Work item: Would you write out the full listing exactly, without any pictures?
........
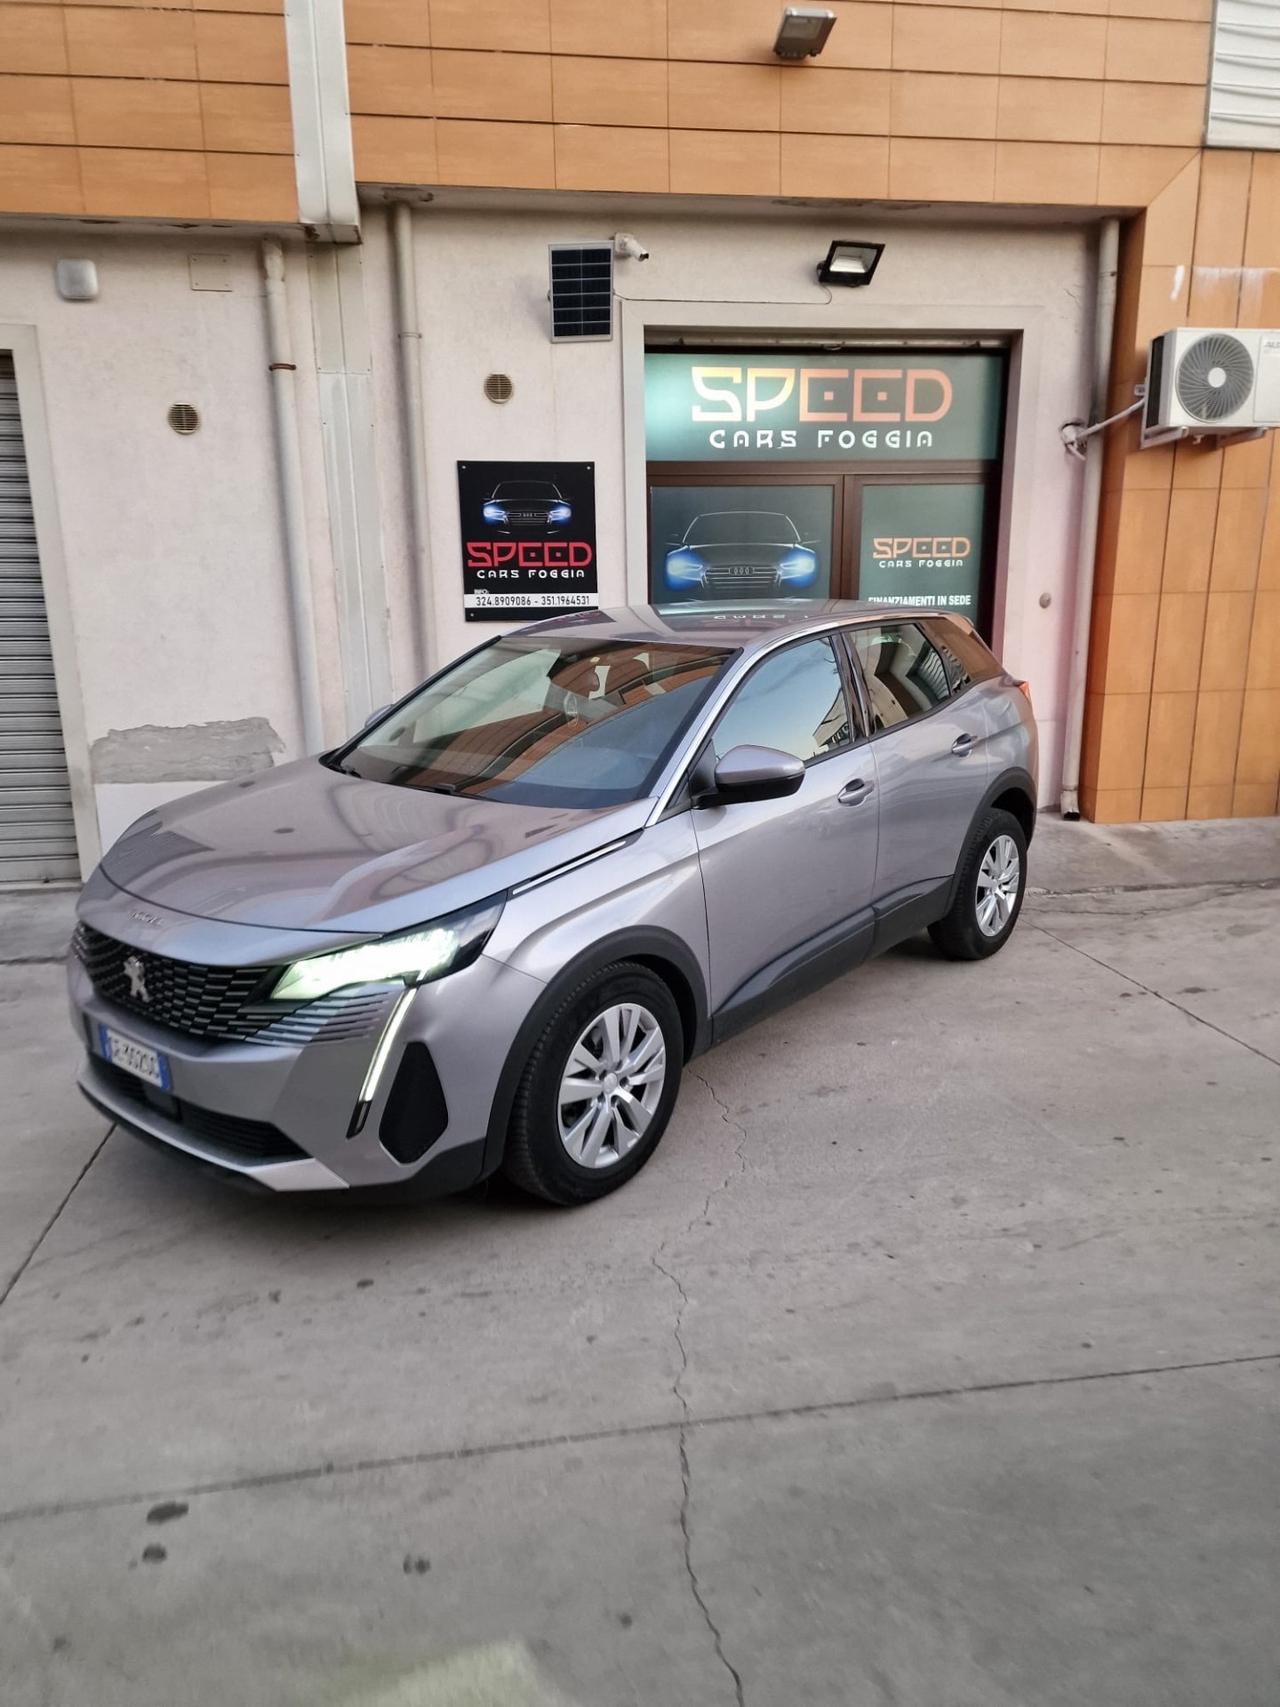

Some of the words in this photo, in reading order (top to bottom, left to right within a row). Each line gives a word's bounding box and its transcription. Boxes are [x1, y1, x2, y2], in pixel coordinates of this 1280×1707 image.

[691, 366, 953, 422] SPEED
[709, 429, 797, 449] CARS
[817, 429, 933, 449] FOGGIA
[466, 541, 593, 567] SPEED
[872, 537, 971, 559] SPEED
[879, 560, 913, 568] CARS
[918, 559, 963, 568] FOGGIA
[476, 569, 520, 579] CARS
[528, 569, 585, 579] FOGGIA
[475, 596, 532, 607] 324.8909086
[937, 595, 947, 606] IN
[948, 594, 972, 606] SEDE
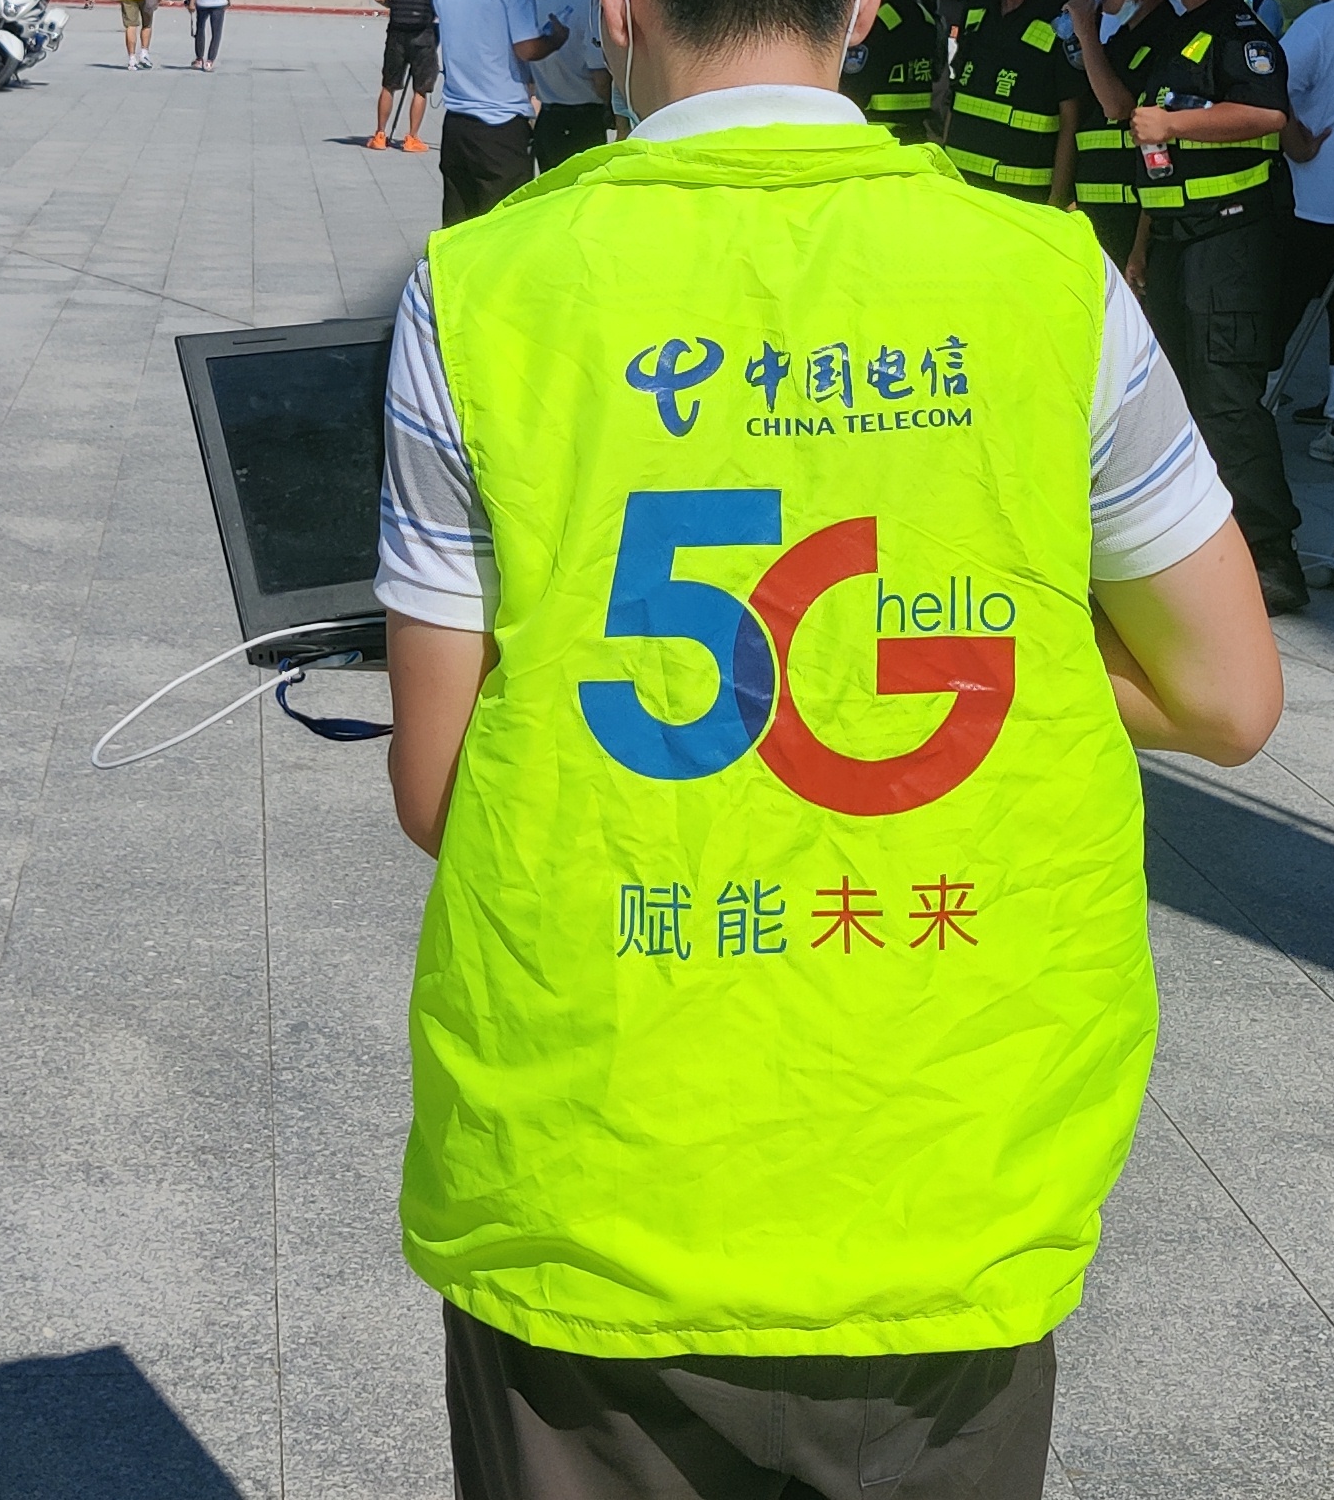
........
Answer space:
Some of the words in this photo, in reading order (top to bottom, left to right within a row). Each line gives a word's bounding box and its transcription. Boxes are [x1, y1, x2, y2], in pixel coordinates of this 1280×1707 image.

[691, 366, 953, 422] SPEED
[709, 429, 797, 449] CARS
[817, 429, 933, 449] FOGGIA
[466, 541, 593, 567] SPEED
[872, 537, 971, 559] SPEED
[879, 560, 913, 568] CARS
[918, 559, 963, 568] FOGGIA
[476, 569, 520, 579] CARS
[528, 569, 585, 579] FOGGIA
[475, 596, 532, 607] 324.8909086
[937, 595, 947, 606] IN
[948, 594, 972, 606] SEDE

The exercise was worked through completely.